### Task objective
From the first line to the last, restate the material word for word; pictures stay out.

### Dataset entries
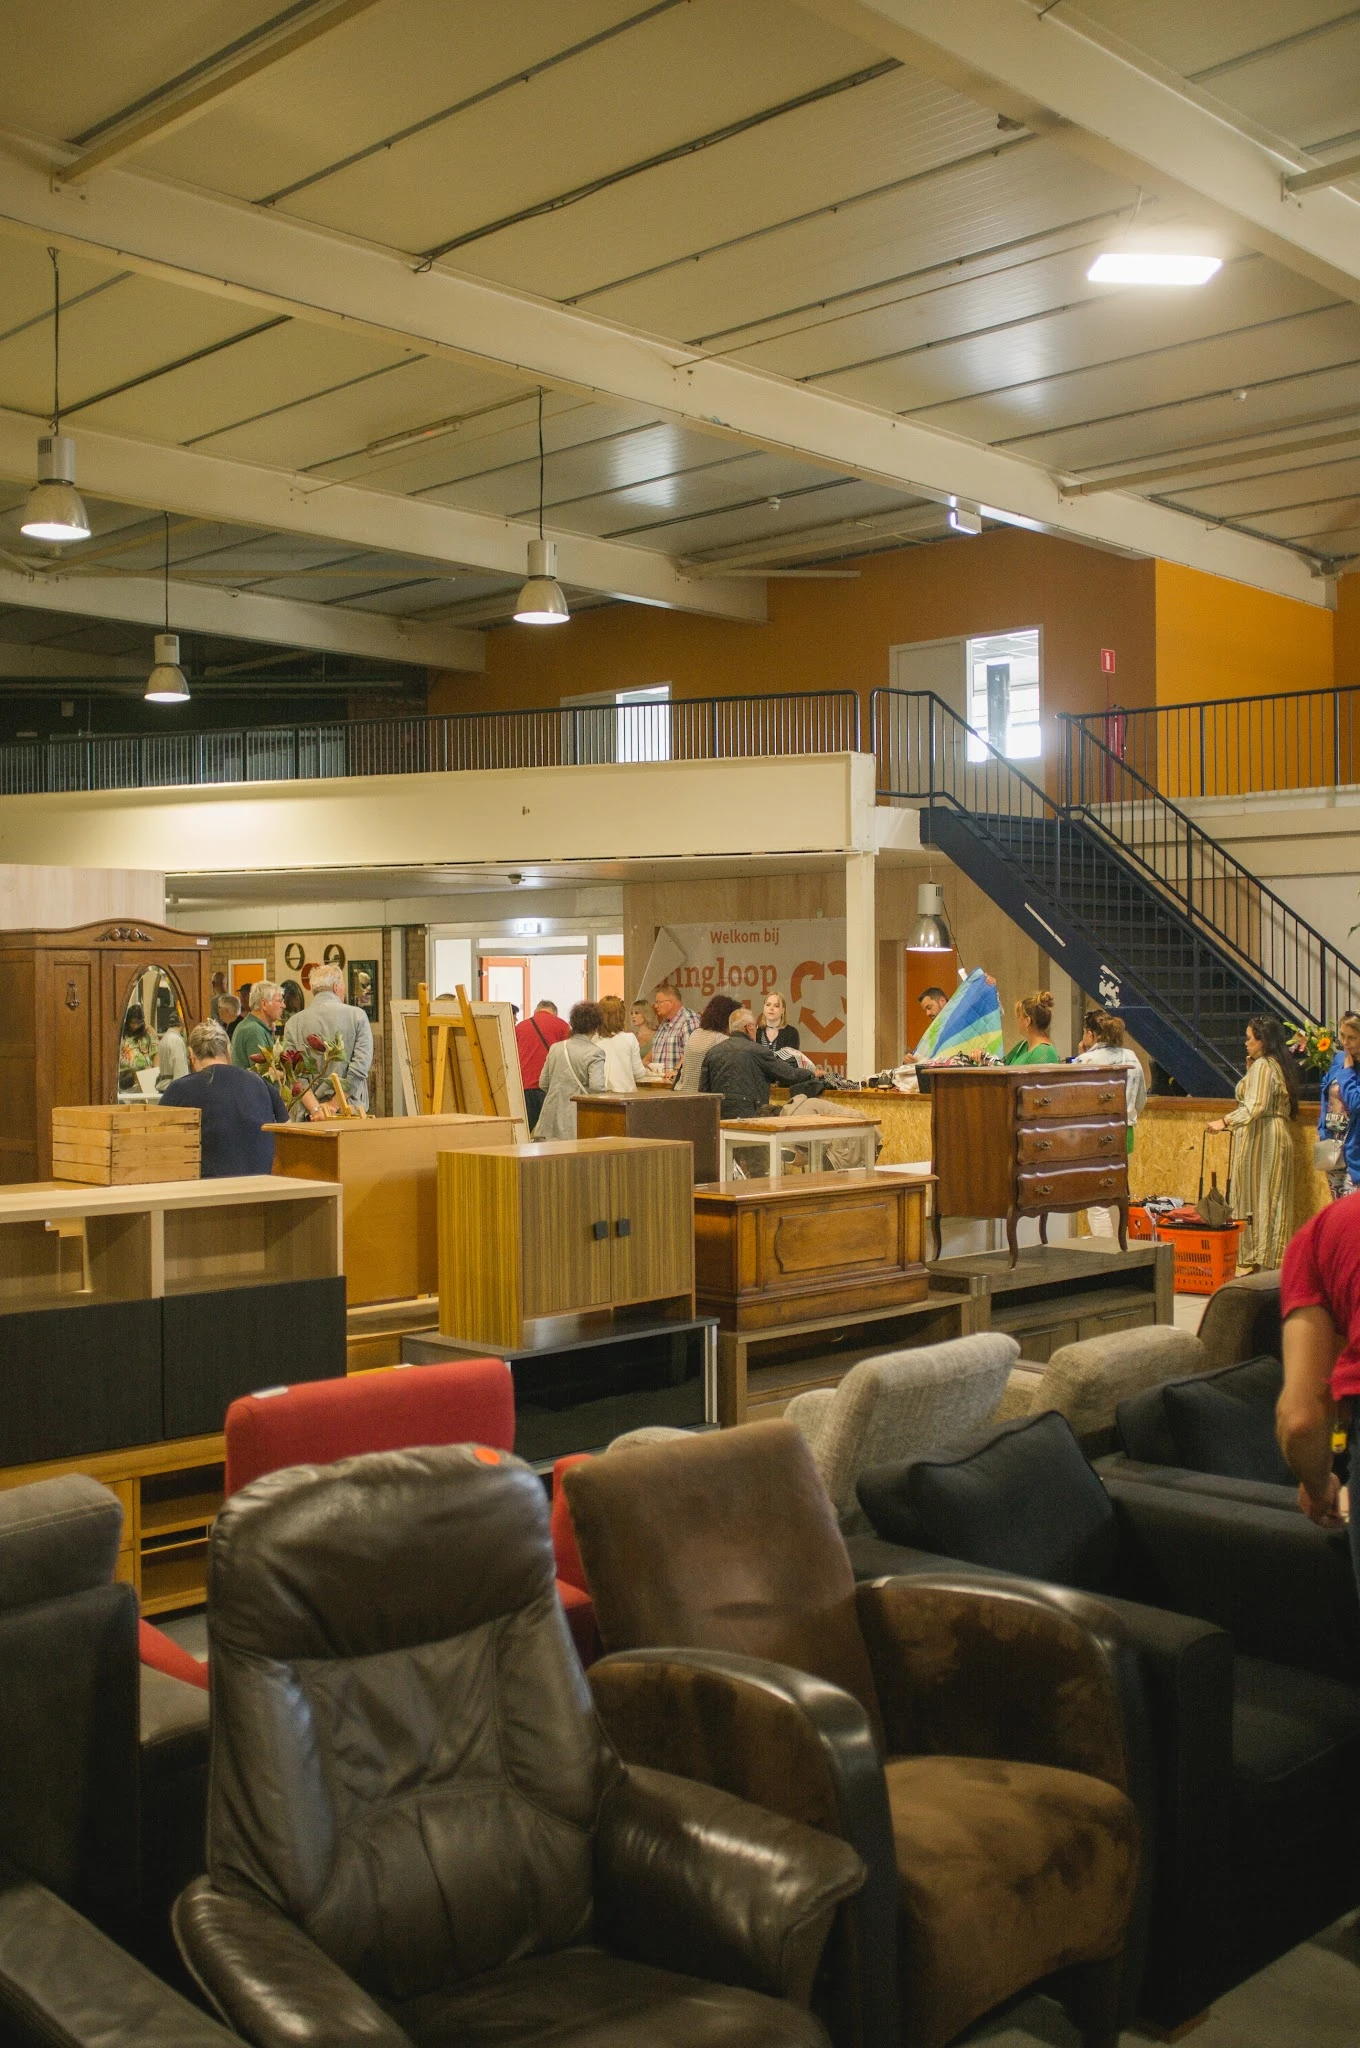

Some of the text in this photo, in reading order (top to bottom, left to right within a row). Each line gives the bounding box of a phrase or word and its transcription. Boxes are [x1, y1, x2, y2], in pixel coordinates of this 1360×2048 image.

[710, 928, 780, 946] Welkom bij
[655, 957, 778, 997] ingloop
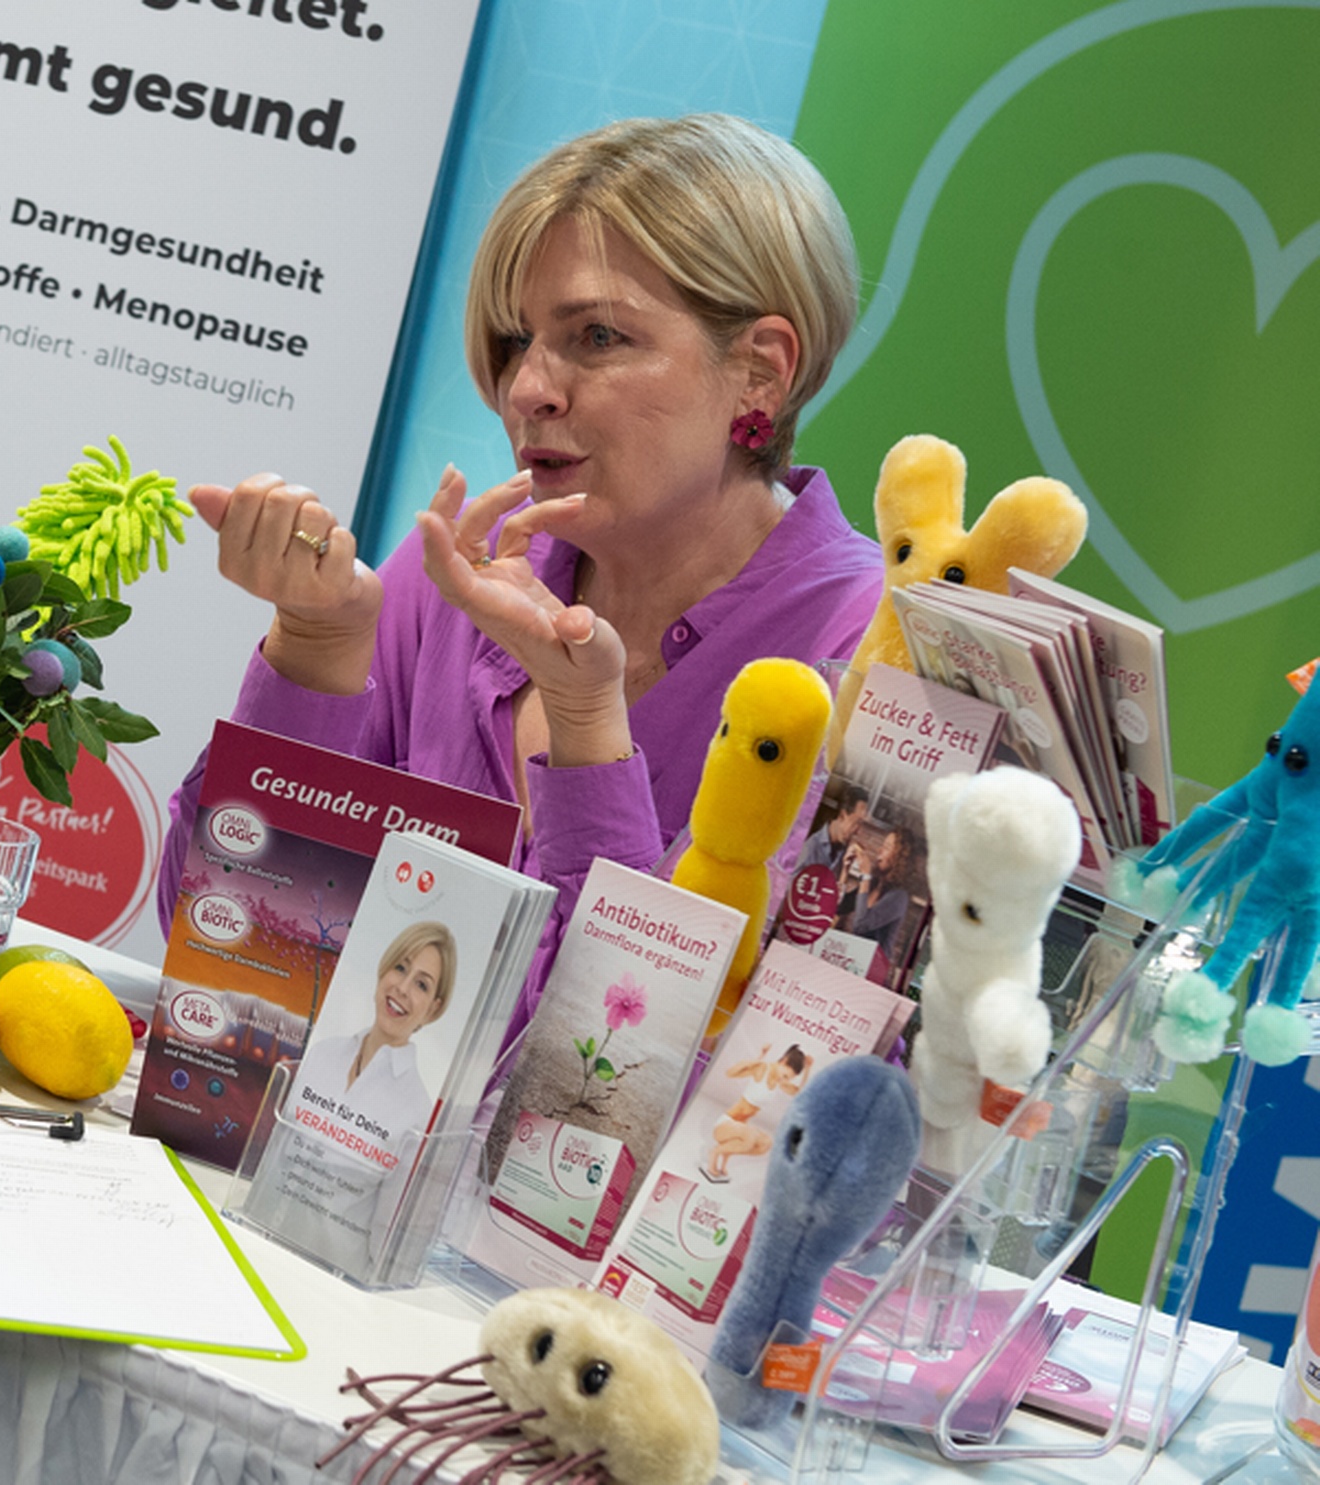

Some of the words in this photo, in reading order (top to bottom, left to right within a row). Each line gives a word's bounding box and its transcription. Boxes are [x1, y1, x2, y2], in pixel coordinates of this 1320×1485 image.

[88, 64, 357, 154] gesund.
[10, 198, 325, 294] Darmgesundheit
[93, 283, 309, 357] Menopause
[93, 346, 296, 411] alltagstauglich
[858, 689, 917, 730] Zucker
[918, 710, 936, 738] &
[938, 721, 980, 756] Fett
[870, 726, 895, 753] im
[897, 738, 945, 773] Griff
[18, 796, 115, 836] Partner!
[250, 766, 379, 823] Gesunder
[583, 921, 644, 957] Darmflora
[645, 949, 705, 982] ergänzen!
[591, 896, 718, 962] Antibiotikum?
[748, 993, 770, 1011] zur
[771, 1000, 861, 1056] Wunschfigur
[761, 968, 783, 993] Mit
[785, 979, 829, 1014] Ihrem
[829, 999, 872, 1034] Darm
[295, 1105, 400, 1171] VERÄNDERUNG?
[301, 1085, 336, 1112] Bereit
[336, 1103, 354, 1122] für
[355, 1113, 390, 1142] Deine
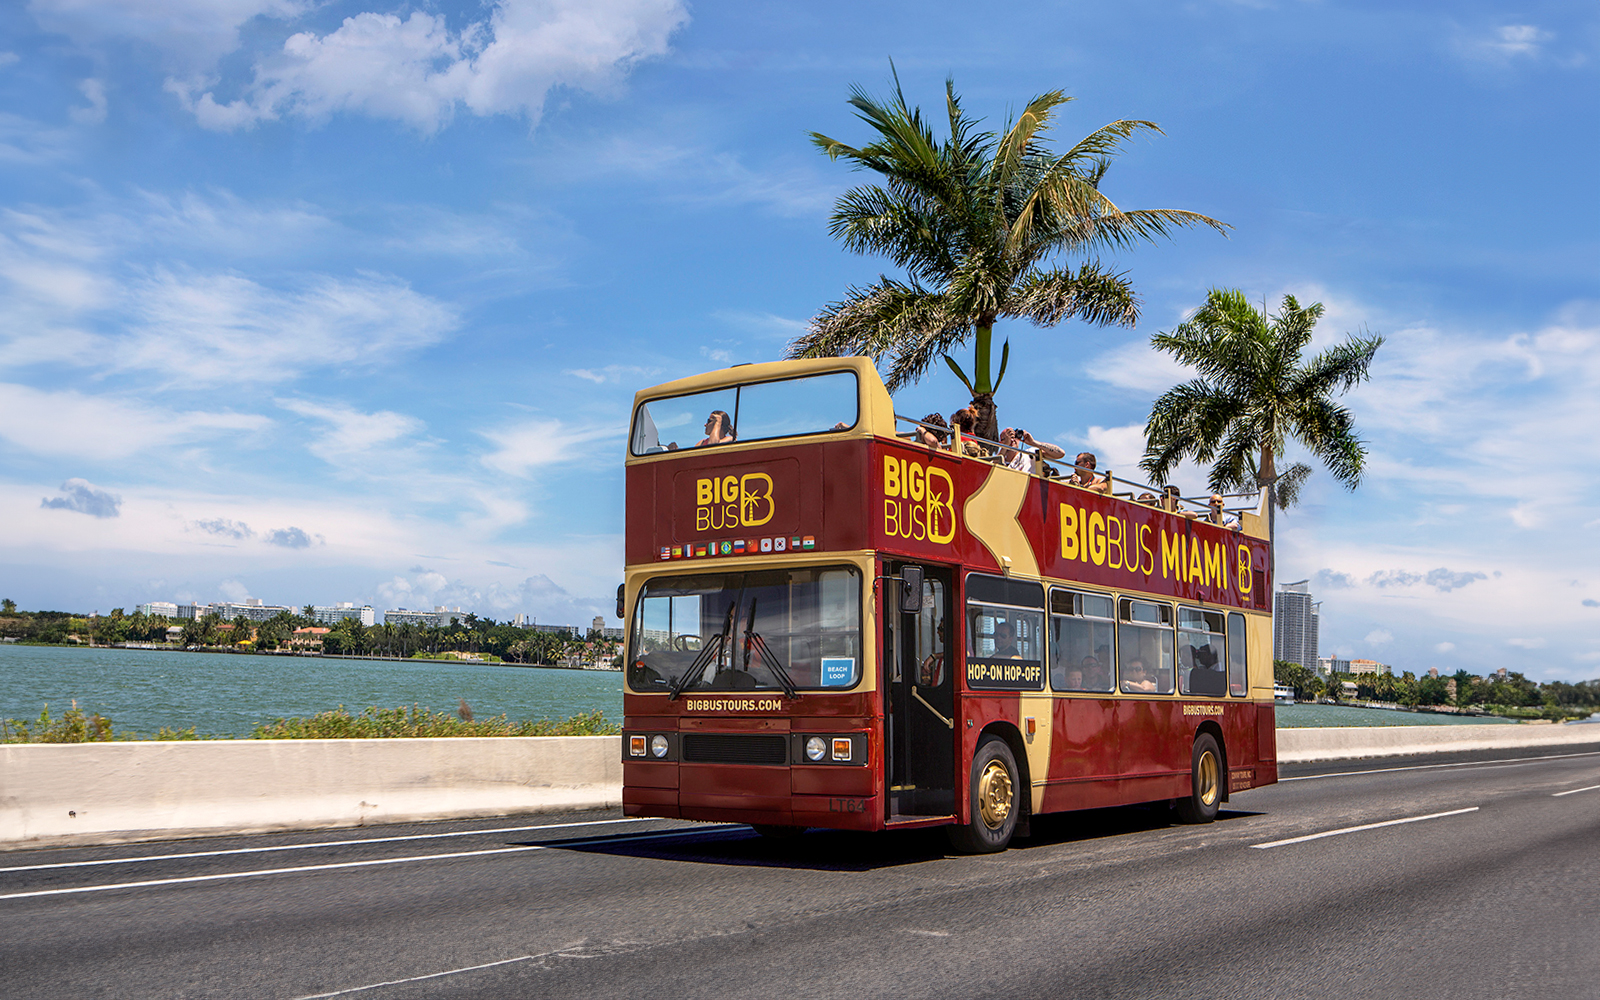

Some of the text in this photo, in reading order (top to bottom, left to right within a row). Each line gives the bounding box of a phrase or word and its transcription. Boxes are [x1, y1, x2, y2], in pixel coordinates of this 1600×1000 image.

[697, 475, 739, 505] BIG
[883, 455, 925, 501] BIG
[696, 504, 739, 531] BUS
[884, 499, 925, 541] BUS
[1161, 529, 1228, 590] MIAMI
[967, 663, 1041, 682] HOP-ON HOP-OFF
[686, 699, 782, 711] BIGBUSTOURS.COM
[1183, 704, 1224, 716] BIGBUSTOURS.COM
[829, 797, 866, 813] LT64

### Solution to this exercise
Some of the text in this photo, in reading order (top to bottom, left to right within a row). Each line gives the bounding box of a phrase or word and its transcription. Boxes are [x1, y1, x2, y2], in pixel coordinates of this 1360×2048 image.

[710, 928, 780, 946] Welkom bij
[655, 957, 778, 997] ingloop

Some of the words in this photo, in reading order (top to bottom, left to right within a row). Each line gives a word's bounding box and its transcription. Boxes are [x1, y1, x2, y2], in pixel coordinates of this 1320×1485 image.

[88, 64, 357, 154] gesund.
[10, 198, 325, 294] Darmgesundheit
[93, 283, 309, 357] Menopause
[93, 346, 296, 411] alltagstauglich
[858, 689, 917, 730] Zucker
[918, 710, 936, 738] &
[938, 721, 980, 756] Fett
[870, 726, 895, 753] im
[897, 738, 945, 773] Griff
[18, 796, 115, 836] Partner!
[250, 766, 379, 823] Gesunder
[583, 921, 644, 957] Darmflora
[645, 949, 705, 982] ergänzen!
[591, 896, 718, 962] Antibiotikum?
[748, 993, 770, 1011] zur
[771, 1000, 861, 1056] Wunschfigur
[761, 968, 783, 993] Mit
[785, 979, 829, 1014] Ihrem
[829, 999, 872, 1034] Darm
[295, 1105, 400, 1171] VERÄNDERUNG?
[301, 1085, 336, 1112] Bereit
[336, 1103, 354, 1122] für
[355, 1113, 390, 1142] Deine

Some of the text in this photo, in reading order (top to bottom, left to right within a row). Each line gives the bounding box of a phrase or word and its transcription. Boxes are [x1, y1, x2, y2], in pixel coordinates of this 1600×1000 image.

[697, 475, 739, 505] BIG
[883, 455, 925, 501] BIG
[696, 504, 739, 531] BUS
[884, 499, 925, 541] BUS
[1161, 529, 1228, 590] MIAMI
[967, 663, 1041, 682] HOP-ON HOP-OFF
[686, 699, 782, 711] BIGBUSTOURS.COM
[1183, 704, 1224, 716] BIGBUSTOURS.COM
[829, 797, 866, 813] LT64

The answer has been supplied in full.